Grâce à un procédé technique permettant à Picasso de peindre et de dessiner à travers sa toile, Clouzot nous montre littéralement l’envers de la création et la progression de l’œuvre en direct, sans que rien ne vienne s’interposer entre la caméra et le tableau en gestation. La première partie du film repose donc sur un dialogue artistique entre deux créateurs obsessionnels, l’un, caché derrière sa toile, peignant furieusement œuvre sur œuvre et l’autre, réfugié dans le hors-champ de sa caméra, n’intervenant que pour donner quelques consignes de tournage. Puis, dans une seconde partie, Clouzot se place, de manière plus attendue, derrière Picasso peignant, découvrant ainsi son dos nu, recroquevillé tout autant qu’imposant, et son bras traçant des traits d’un mouvement sûr, quasi mécanique.

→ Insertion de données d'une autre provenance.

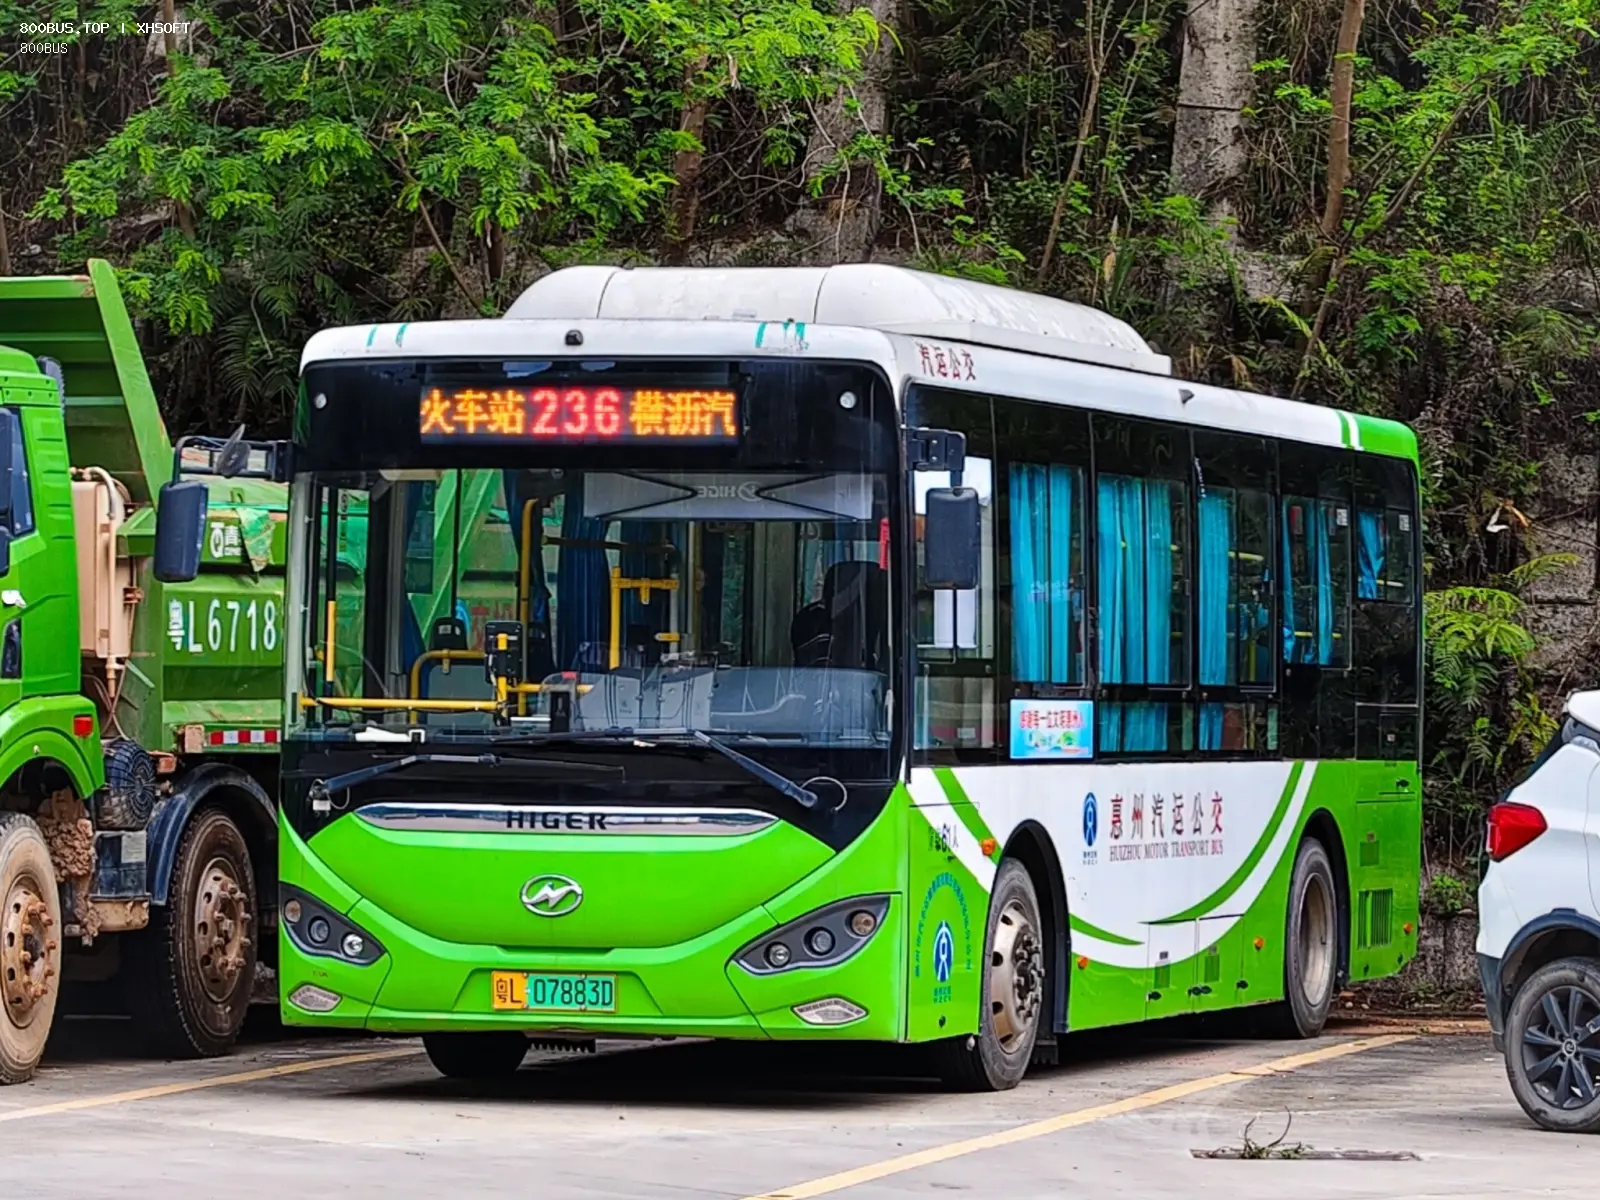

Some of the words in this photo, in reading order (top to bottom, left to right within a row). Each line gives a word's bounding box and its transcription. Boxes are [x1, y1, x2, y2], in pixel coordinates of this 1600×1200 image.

Dépouillé de toute considération didactique, narrative ou explicative, « Le Mystère Picasso » ne se veut en aucun cas être un documentaire sur le peintre espagnol, et encore moins sur son art. Il s’agit bien là d’une rencontre explosive à la croisée des gestes où chacun détient une mainmise absolue sur son support – toile et pellicule donc – mais quasiment aucune sur l’œuvre finale, qui serait en quelques sortes le point de contact imaginaire entre les deux supports. Il suffit de voir Picasso créer, détruire, arracher puis recommencer en abandonnant au passage des centaines d’hypothétiques tableaux dont on rêverait de pouvoir contempler la version finale, pour saisir l’étendue de sa liberté irrévérencieuse. Seulement, de l’autre côté de la toile-caméra, Clouzot affirme lui aussi son caractère et sa liberté, par exemple lorsqu’il ordonne au peintre de finir sa toile en 10 secondes, temps qu’il lui reste en pellicule, ou quand il annonce au spectateur abasourdi que l’œuvre qui vient de se faire sous ses yeux en une dizaine de minutes a pris en réalité – pouvoir de la mise en scène – plus de cinq heures de travail à Picasso.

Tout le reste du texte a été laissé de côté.